We compared the gut microbiome and plasma metabolome of rural and urban people from a single Chinese province and found significant differences in the composition of recently urbanized and rural subjects. These changes include an alteration in the relative abundances of entire domains, particularly loss of Archaea and Viruses with urbanization. Furthermore, our analysis of the composition of the microbiome suggests that the microbes that had a higher relative abundance in the urban Chinese samples also had a higher relative abundance in an American cohort. In addition, the genes encoded by the microbiome and the metabolites generated have significantly altered with urbanization, with an increase in overall genetic diversity as well as in genes associated with resistance and virulence. Our results suggest that urbanization is rapidly altering the gut microbial community, making it more similar to a Western composition, resulting in higher levels of antibiotic resistance and virulence genes. These changes are accompanied by an increase in biomarkers of diseases traditionally associated with Westernization, such as diabetes, obesity, and cancer.
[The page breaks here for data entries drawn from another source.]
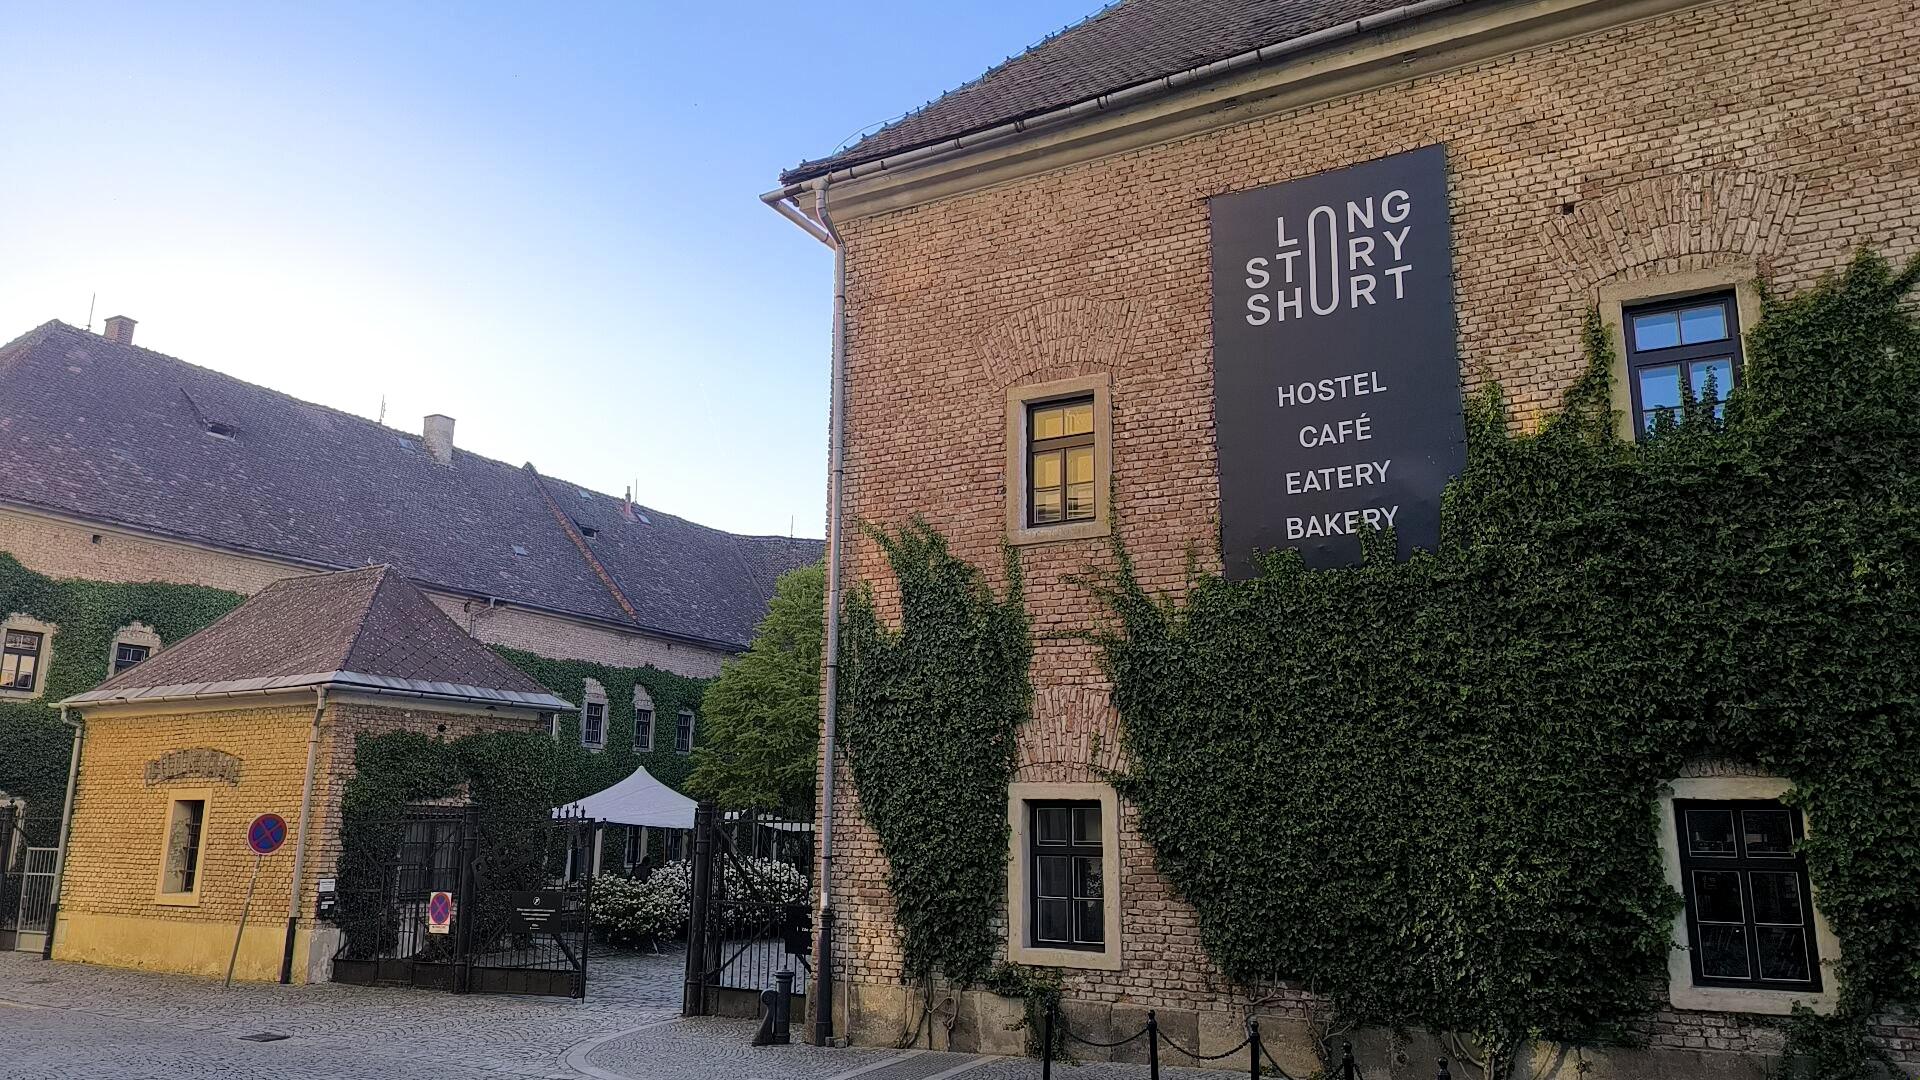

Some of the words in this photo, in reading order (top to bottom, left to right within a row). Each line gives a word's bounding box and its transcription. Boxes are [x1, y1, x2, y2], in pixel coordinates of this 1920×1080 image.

[1245, 225, 1412, 290] STORY
[1245, 263, 1414, 327] SHORT
[1277, 371, 1387, 408] HOSTEL
[1298, 412, 1372, 449] CAFÉ
[1285, 459, 1391, 495] EATERY
[1286, 505, 1399, 540] BAKERY
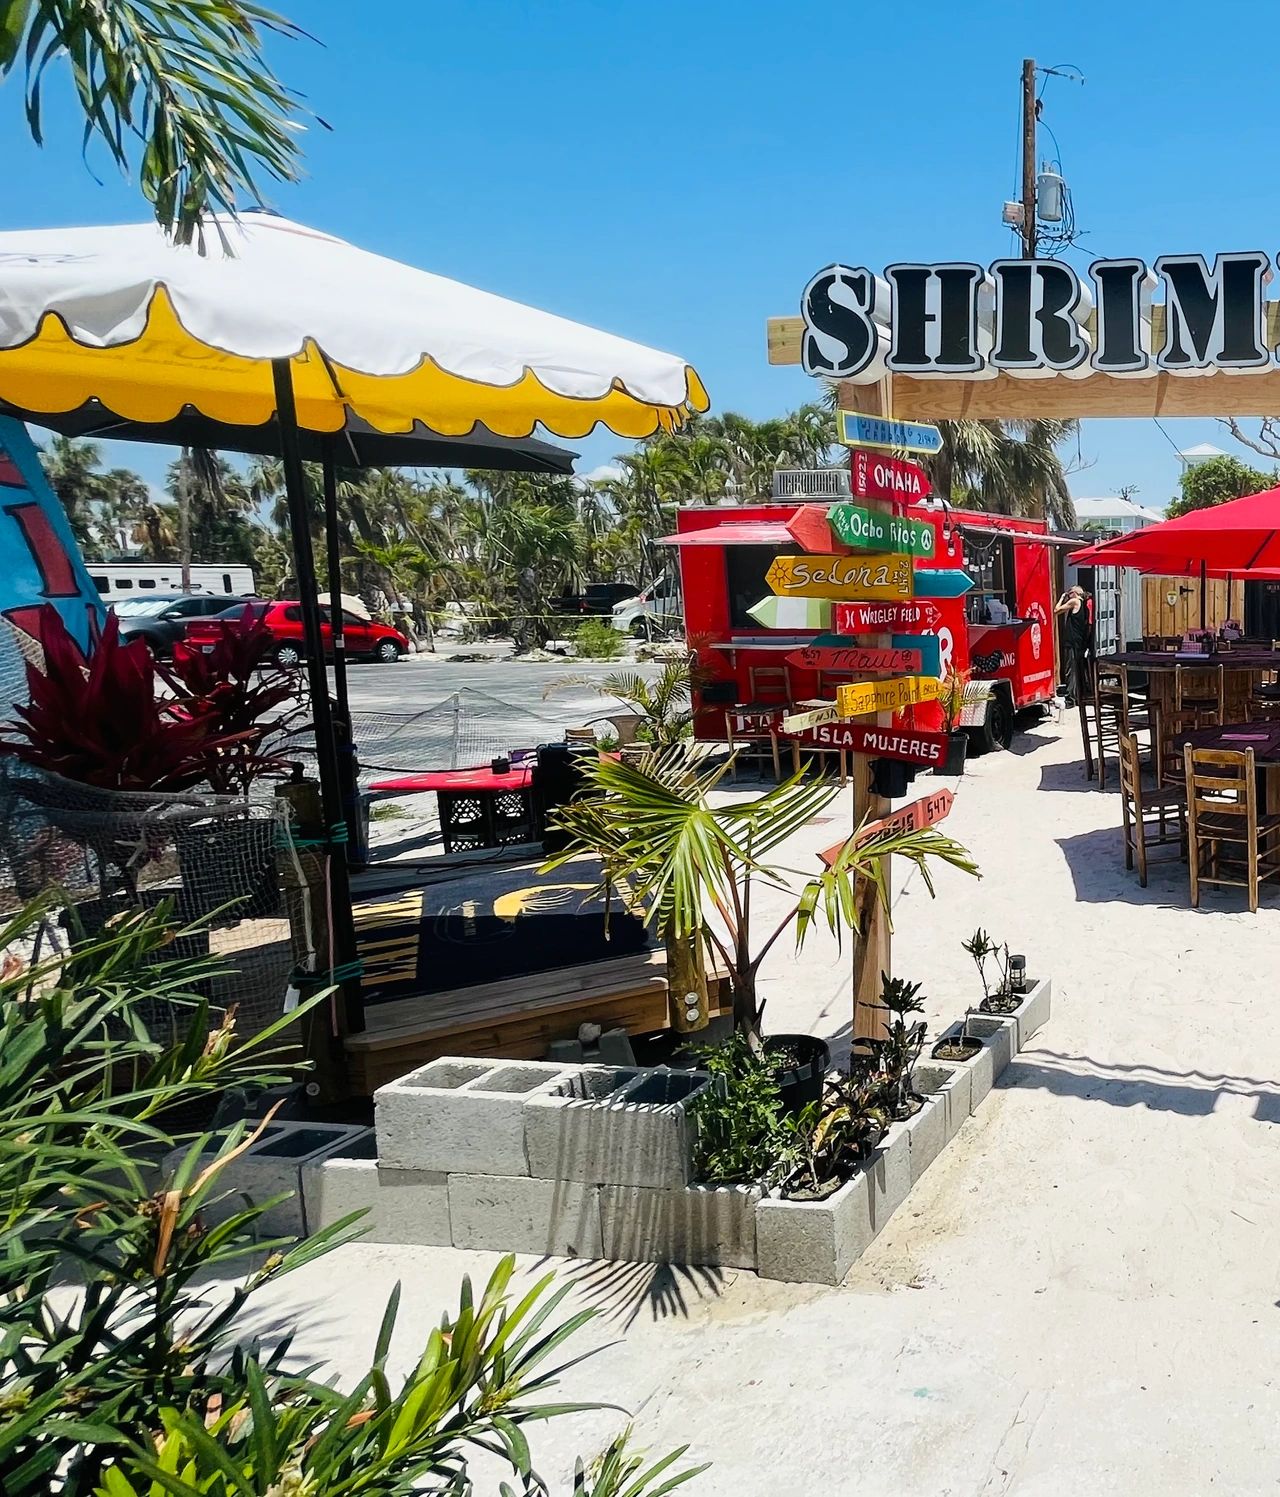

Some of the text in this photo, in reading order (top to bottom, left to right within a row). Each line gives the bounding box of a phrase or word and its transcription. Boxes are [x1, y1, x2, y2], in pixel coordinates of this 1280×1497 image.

[874, 464, 921, 493] OMAHA
[850, 513, 916, 546] Ocho Rios
[784, 559, 891, 588] Sedona
[859, 607, 898, 624] WRIGLEY
[901, 606, 921, 623] FIELD
[831, 649, 898, 669] Maui
[851, 685, 896, 712] Sapphire
[898, 682, 920, 703] Point
[813, 726, 853, 746] ISLA
[863, 732, 941, 760] MUJERES
[927, 796, 946, 821] 547
Taken together, our study suggests a hypothesis that urbanization/Westernization results in rapid convergent evolution across the globe of the microbial community to a dysbiotic state, with an increase in the prevalence of pathogens that harbor harmful genes and a concomitant reduction in the relative abundance of beneficial taxa.

Methods

A random sample of individuals from Hunan Province (in Southern China) aged 18–65 were selected for the study, with exclusion of individuals who lived in these communities for less than 2 years, were pregnant or lactating, had known cancer, worked in an occupation with potential exposure to arsenic, or had antibiotic use within the past 3 months. Metadata, fasting blood, spot urine, and fecal samples were collected by China CDC data collectors during a three-day house visit, with a repeat fecal collection 2 weeks later. Metabolites were assayed using Chromatography/Mass Spectrometry (Metabolon, Inc.). Sequencing was performed by the Beijing Genomics Institute-Shenzhen, using an Illumina MiSeq PE250 for 16S sequencing targeting the V4 hypervariable region (16S rRNA sequencing) or an Illumina HiSeq 4000 (whole metagenome sequencing). 16S rRNA sequencing reads were classified using the RDP (Ribosomal Database Project) classifier [40]. Kraken [41] was used to assign taxonomy to the whole genome sequencing reads while HUMAnN [42] was used to assign KEGG functions. In addition, whole genome sequencing reads were aligned to the Comprehensive Antibiotic Resistance Database (CARD) protein homolog database, version 1.0.4 [31] or to MvirDB [32] to assess the presence of antibiotic resistance and virulence factors. All sequences have been deposited in NCBI SRA (https://www.ncbi.nlm.nih.gov/sra) under BioProject PRJNA349463. Accession numbers are given in Additional file 1: Table S1. P values for urban-rural status were calculated using mixed linear models. Nonparametric models were used to confirm these results (Additional file 23: Table S9). See Additional file 22: Supplemental Text for more details.